If you (or anyone else on this thread) has any other ideas or wishes
to contribute to the discussion please do so.  I think that this is an
important enough issue for us to work quickly (as quickly as CCSDS can
move) to come up with a resolution.

Best regards, Peter

On 7/29/15, 7:43 AM,
"osvaldo.peinado at dlr.de<mailto:osvaldo.peinado at dlr.de><mailto:osvaldo.peinado at dlr.de>"
<osvaldo.peinado at dlr.de<mailto:osvaldo.peinado at dlr.de><mailto:osvaldo.peinado at dlr.de>> wrote:

Dear Audric,
I know about the problem of SCIDs becoming rare.
You can process the satellite one, and discard the SIM one, BUT ....I
need to have for the project anyways and official answer from SANA.
It should be possible to inform the users about the situation and in
case of rejecting a request indicate a reference to a document and to
propose a solution, like "use the same ID as the Spacecraft or
something that you like, because your system is a closed one", as
example , can you do that?
I have another question:
I need to submit a request for another Satellite and it looks like the
link to do the request from the SANA page simply disappear, it is only
an E-mail.
It is that correct?
Thanks and best Regards
O. Peinado

-----Ursprüngliche Nachricht-----
Von: SANA [mailto:info at sanaregistry.org]
Gesendet: Mittwoch, 29. Juli 2015 16:07
An: Peinado, Osvaldo Luis
Betreff: Re: [SANA #5270] AW: SCID assignments

Dear Mr.
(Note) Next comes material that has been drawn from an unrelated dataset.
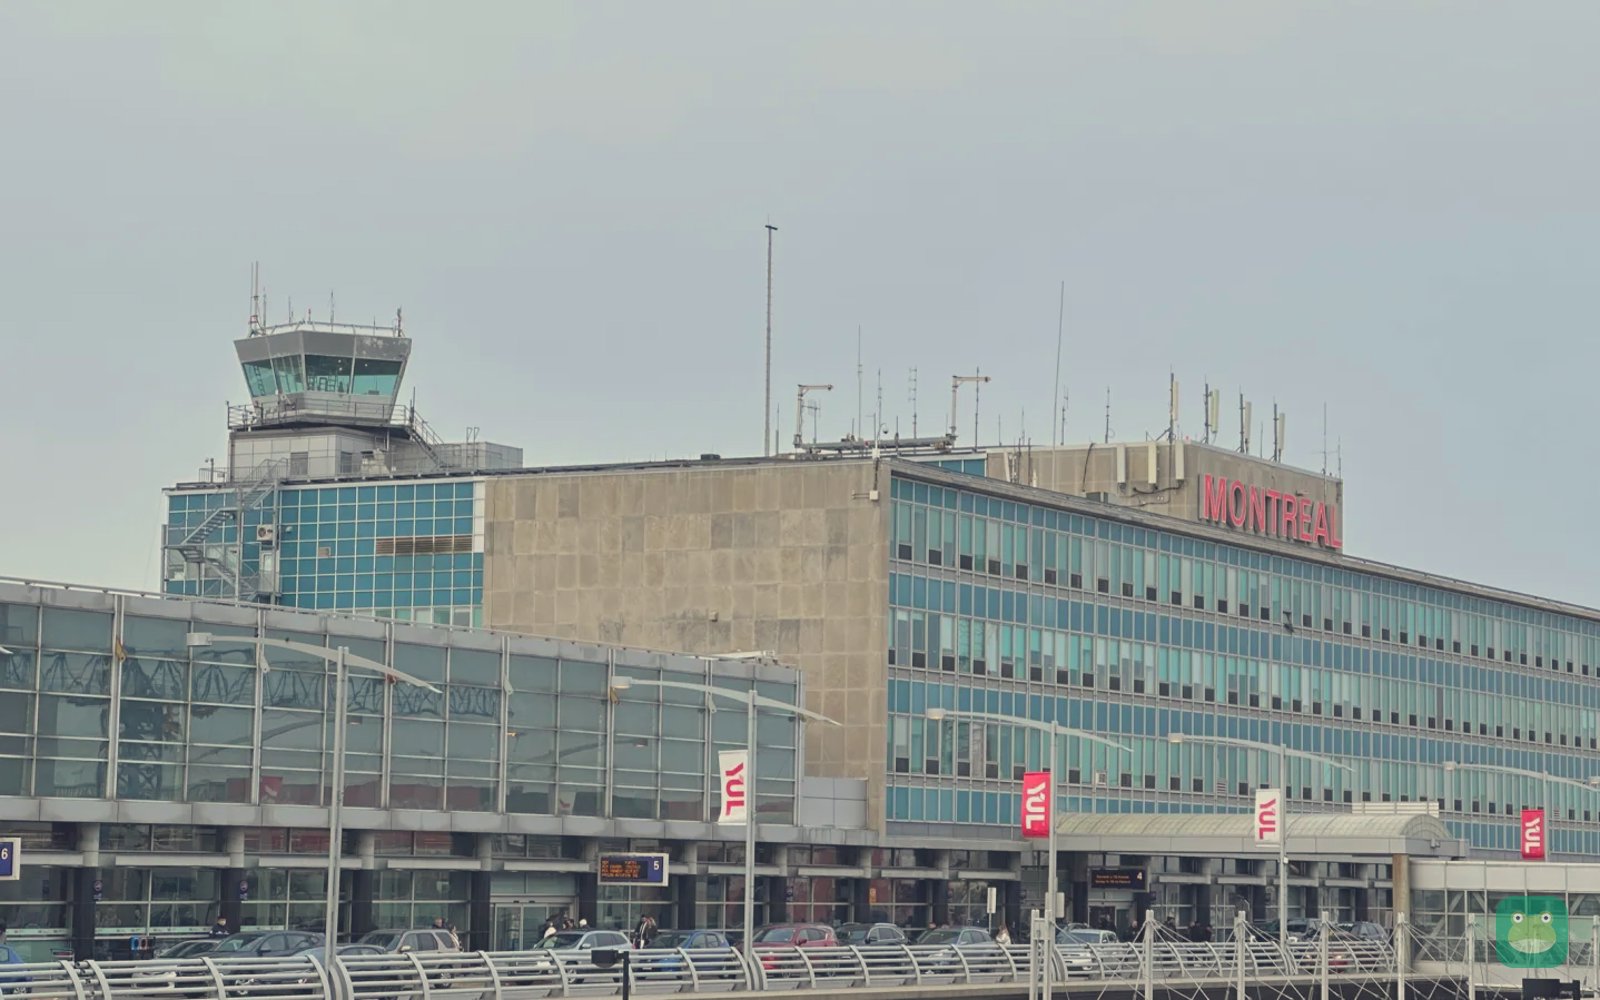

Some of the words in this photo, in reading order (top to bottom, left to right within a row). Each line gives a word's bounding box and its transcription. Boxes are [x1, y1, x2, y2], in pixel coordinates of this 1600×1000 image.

Peinado,

We were waiting for the SSG answer before getting back to you and see
you had any constraint on the two SCIDs being assigned at the same
or not.

If you tell us that we can go and process the non-sim request, we will
happily do that.

Thank you.

Best regards,
Audric Schiltknecht
Space Assigned Numbers Authority

Le 2015-07-29 09:47,
osvaldo.peinado at dlr.de<mailto:osvaldo.peinado at dlr.de><mailto:osvaldo.peinado at dlr.de> a écrit :
Dear Audrich
Thank you for your answer.
I´m aware about the discussion about the SIM SCID and that till now
is nothing written down to deal with it, but what happened with the
SCID for the satellite?
I sent two separate request.
I do not see it also in the list of registry updates, why?
Best Regards
Dr. Osvaldo Peinado
Ground Operations Manager
German Space Operations Center (GSOC)
Tel:  +49 8153 28 3010
Fax:  +49 8153 28 1456
Mobile: +491729410099
German Aerospace Center (DLR)
82234 Wessling
-----Ursprüngliche Nachricht-----
Von: Space Assigned Numbers Authority [mailto:info at sanaregistry.org]
Gesendet: Dienstag, 28. Juli 2015 22:35
An: Peinado, Osvaldo Luis
Cc: Space Assigned Numbers Authority
Betreff: SCID assignments
Dear Mr. Peinado,
SANA are currently discussing some issues regarding your recent SCID
requests with the SSG (Sana Steering Group).
When all is sorted out, we will inform you of the result.
Thank you for your understanding.

[CCSDS OID Tree flat 10Jul15 v6.pdf]

[Spacecraft ID, name, & characteristics v1.pdf]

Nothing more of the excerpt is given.